### Exercise directions
An acceptable response holds only the line containing "this 1600×1066 image." and every line after it to the end of the records, each reproduced exactly.

═══ Data to process

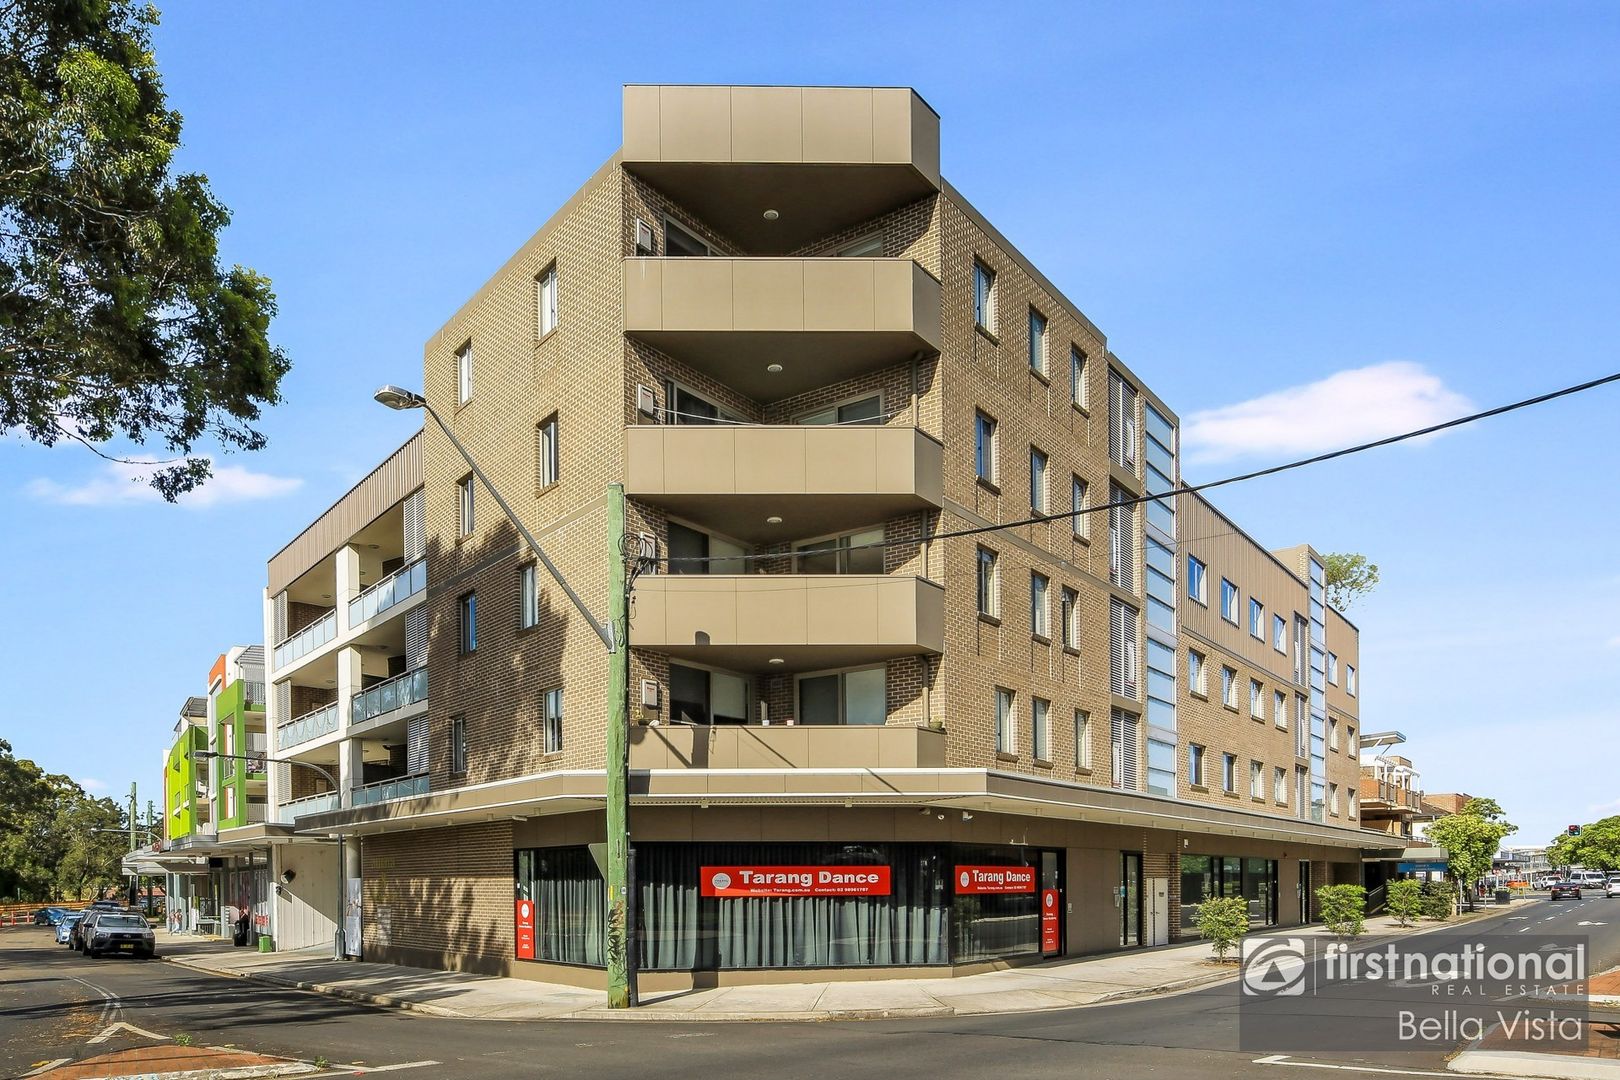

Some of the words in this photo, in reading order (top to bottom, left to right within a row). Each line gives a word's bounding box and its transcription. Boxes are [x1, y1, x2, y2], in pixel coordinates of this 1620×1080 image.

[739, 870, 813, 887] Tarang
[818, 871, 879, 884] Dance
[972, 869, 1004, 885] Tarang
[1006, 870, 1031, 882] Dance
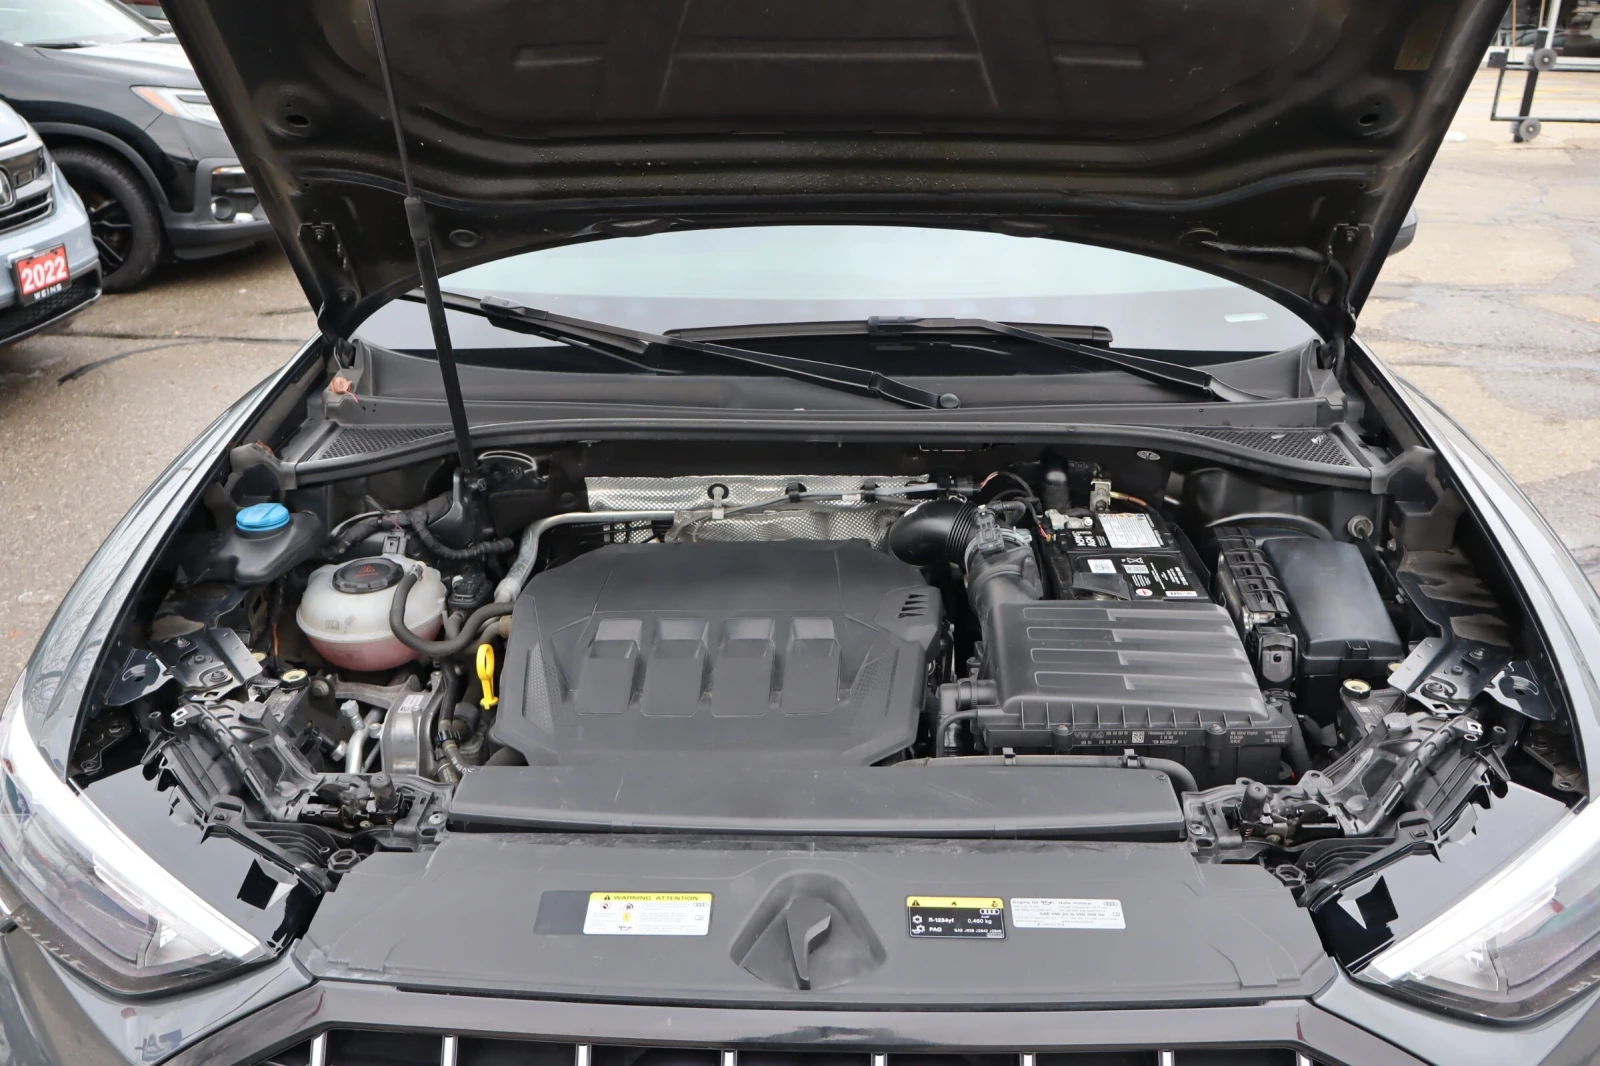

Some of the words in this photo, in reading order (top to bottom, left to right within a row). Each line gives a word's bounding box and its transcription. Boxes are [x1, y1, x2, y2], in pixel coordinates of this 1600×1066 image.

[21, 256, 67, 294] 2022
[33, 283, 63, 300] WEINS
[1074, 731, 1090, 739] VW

══════

### Your solution
Some of the words in this photo, in reading order (top to bottom, left to right within a row). Each line gives a word's bounding box and its transcription. Boxes are [x1, y1, x2, y2], in pixel coordinates of this 1600×1066 image.

[21, 256, 67, 294] 2022
[33, 283, 63, 300] WEINS
[1074, 731, 1090, 739] VW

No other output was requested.